=== Begin Enclosure ===

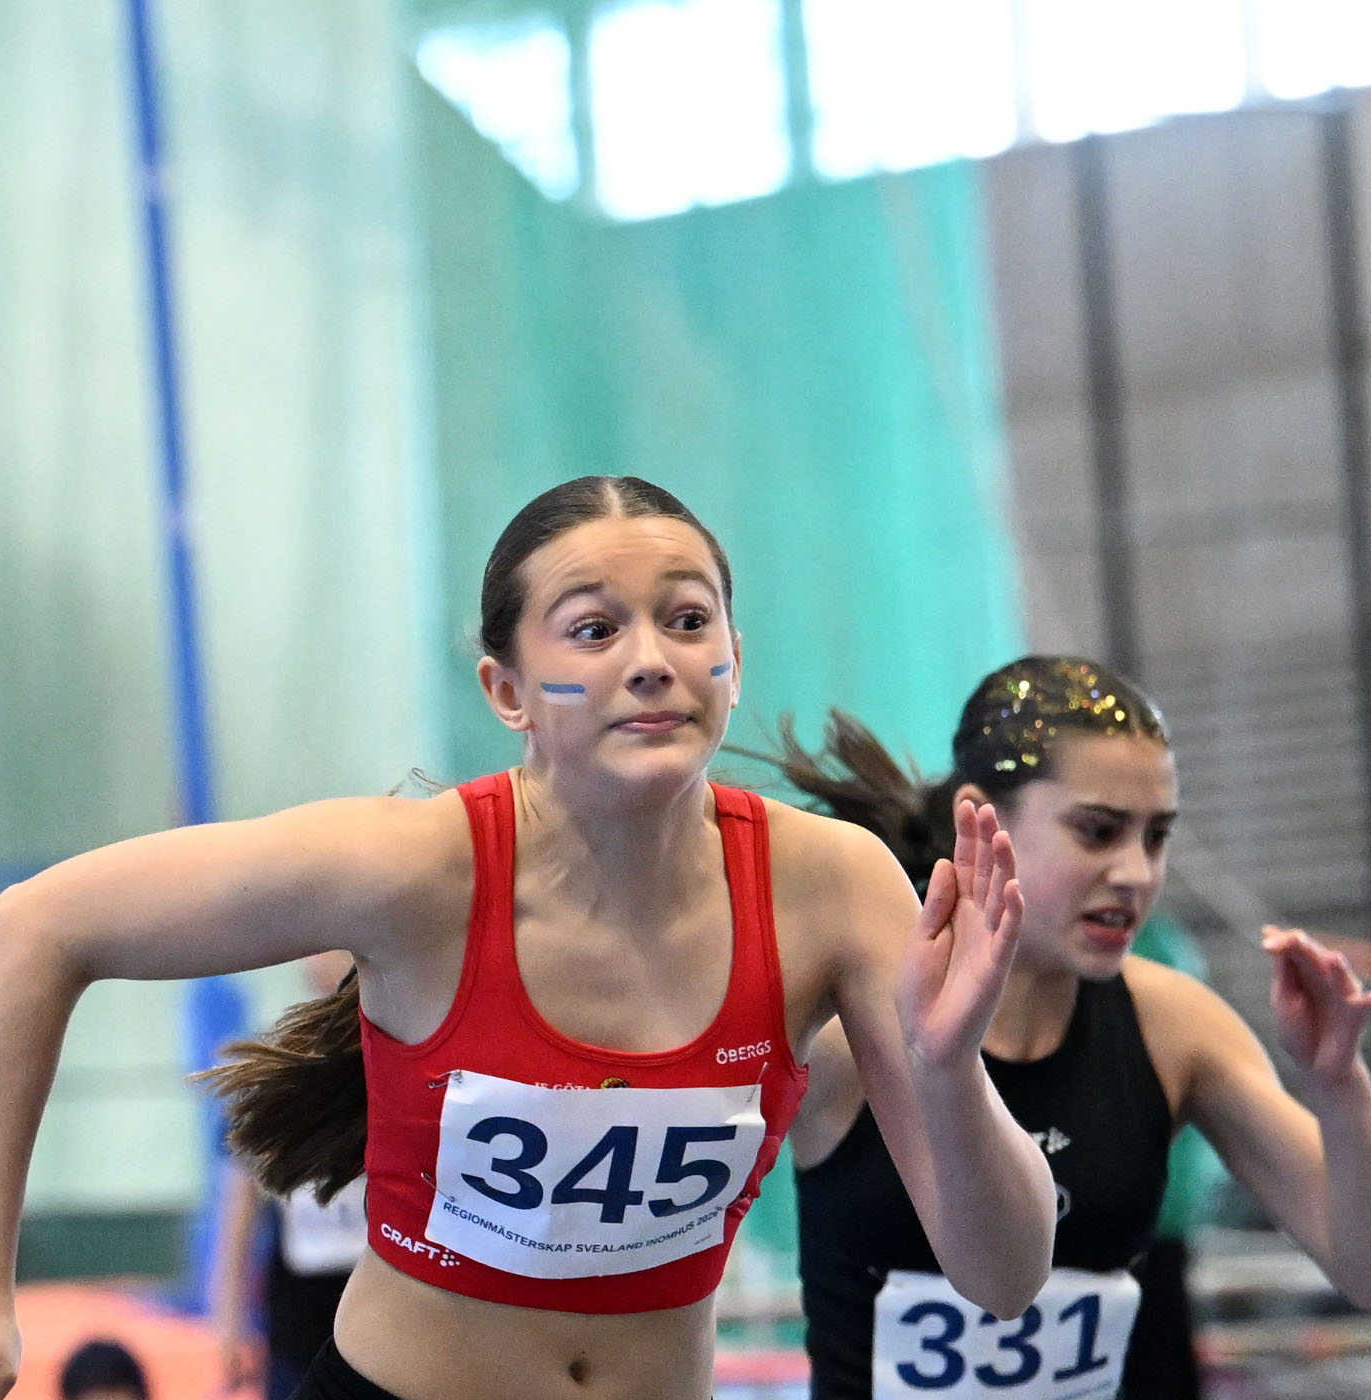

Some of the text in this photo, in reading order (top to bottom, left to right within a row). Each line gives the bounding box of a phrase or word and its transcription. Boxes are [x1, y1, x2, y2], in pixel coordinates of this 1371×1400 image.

[716, 1040, 771, 1064] ÖBERGS
[461, 1116, 737, 1224] 345
[381, 1223, 440, 1259] CRAFT
[443, 1202, 572, 1252] REGIONMÄSTERSKAP
[576, 1242, 643, 1253] SVEALAND
[645, 1221, 694, 1246] INOMHUS
[896, 1293, 1108, 1390] 331
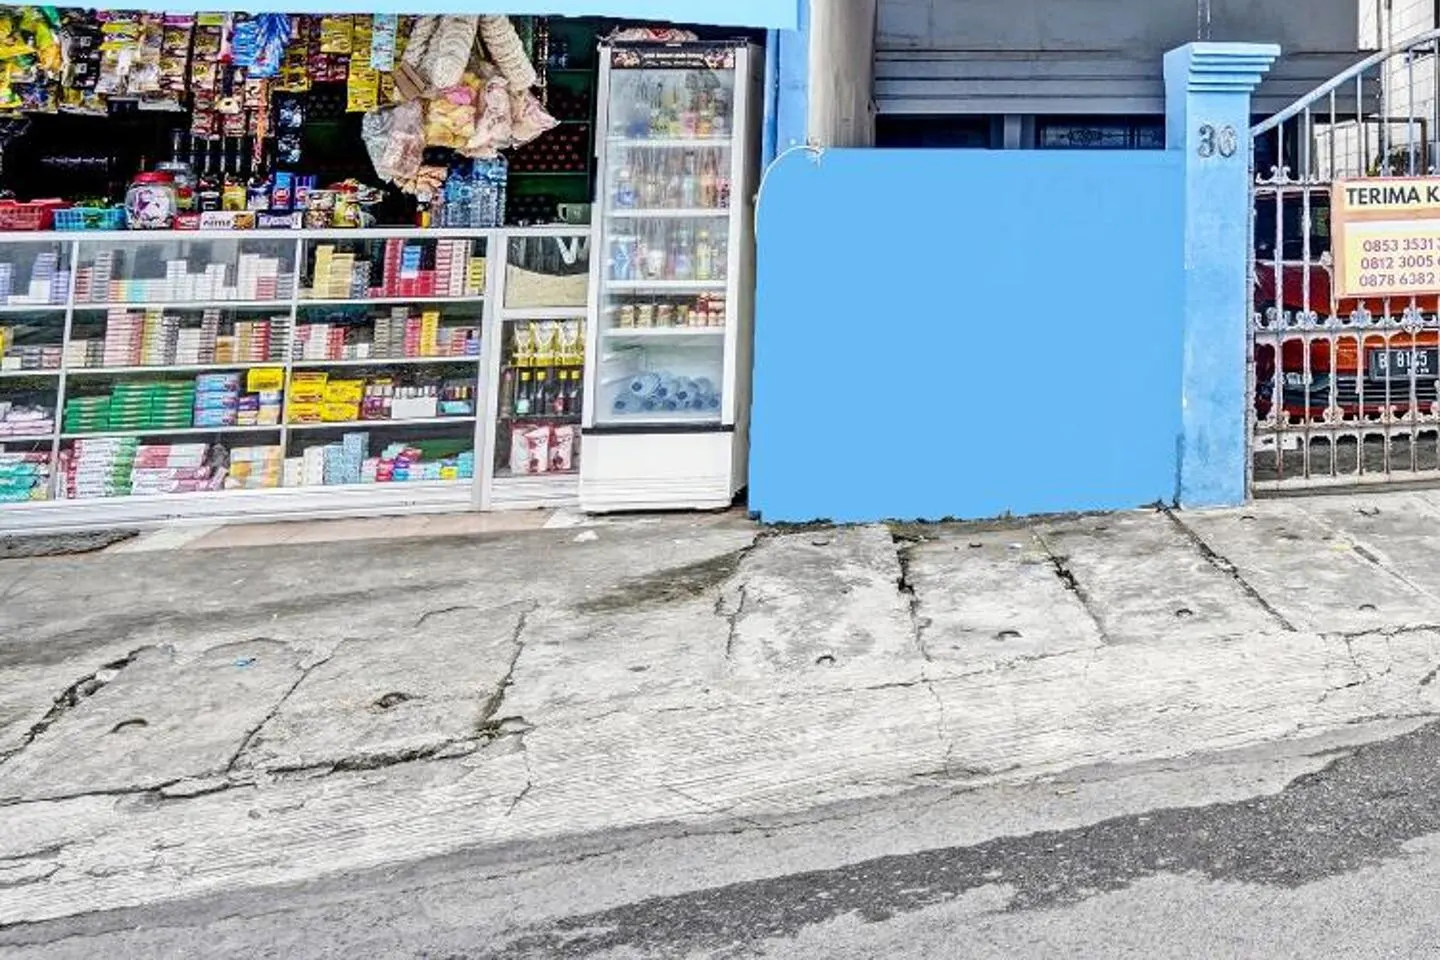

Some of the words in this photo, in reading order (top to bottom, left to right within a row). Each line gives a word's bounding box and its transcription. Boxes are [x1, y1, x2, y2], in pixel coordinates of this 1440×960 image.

[1345, 186, 1421, 206] TERIMA
[1362, 239, 1399, 252] 0853
[1402, 238, 1433, 251] 3531
[1360, 257, 1394, 270] 0812
[1398, 255, 1434, 268] 3005
[1359, 274, 1395, 287] 0878
[1399, 272, 1435, 285] 6382
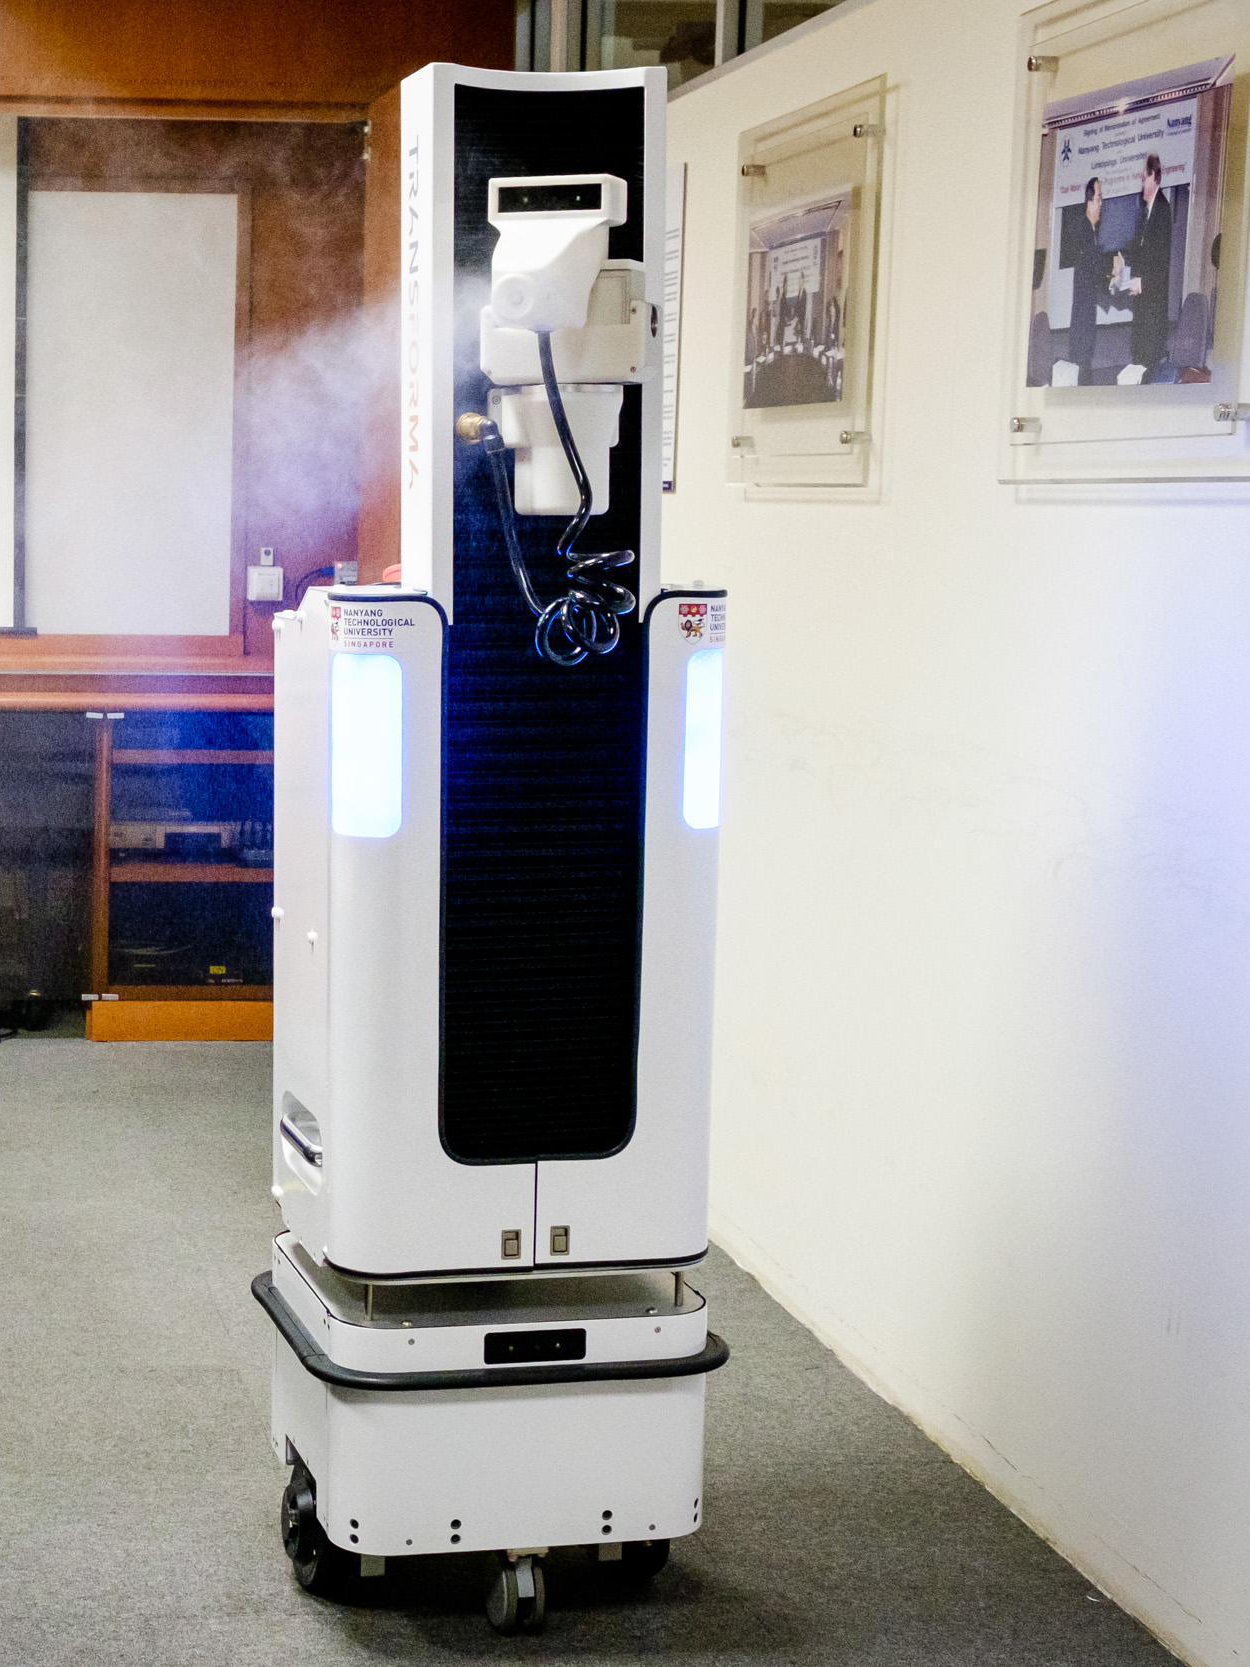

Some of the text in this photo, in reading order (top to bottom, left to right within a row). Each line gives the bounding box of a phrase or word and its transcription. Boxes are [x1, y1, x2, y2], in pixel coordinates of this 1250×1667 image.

=== End Enclosure ===

Aim of the task
Without the pictures, transcribe exactly the lines above from the one containing "Some of the words" through the last.

Exercise solution
Some of the words in this photo, in reading order (top to bottom, left to right within a row). Each line gives a word's bounding box and its transcription. Boxes are [x1, y1, x2, y2], in pixel coordinates of this 1440×960 image.

[1345, 186, 1421, 206] TERIMA
[1362, 239, 1399, 252] 0853
[1402, 238, 1433, 251] 3531
[1360, 257, 1394, 270] 0812
[1398, 255, 1434, 268] 3005
[1359, 274, 1395, 287] 0878
[1399, 272, 1435, 285] 6382

Some of the text in this photo, in reading order (top to bottom, left to right within a row). Each line gives the bounding box of a phrase or word and its transcription. Boxes are [x1, y1, x2, y2], in pixel coordinates of this 1250×1667 image.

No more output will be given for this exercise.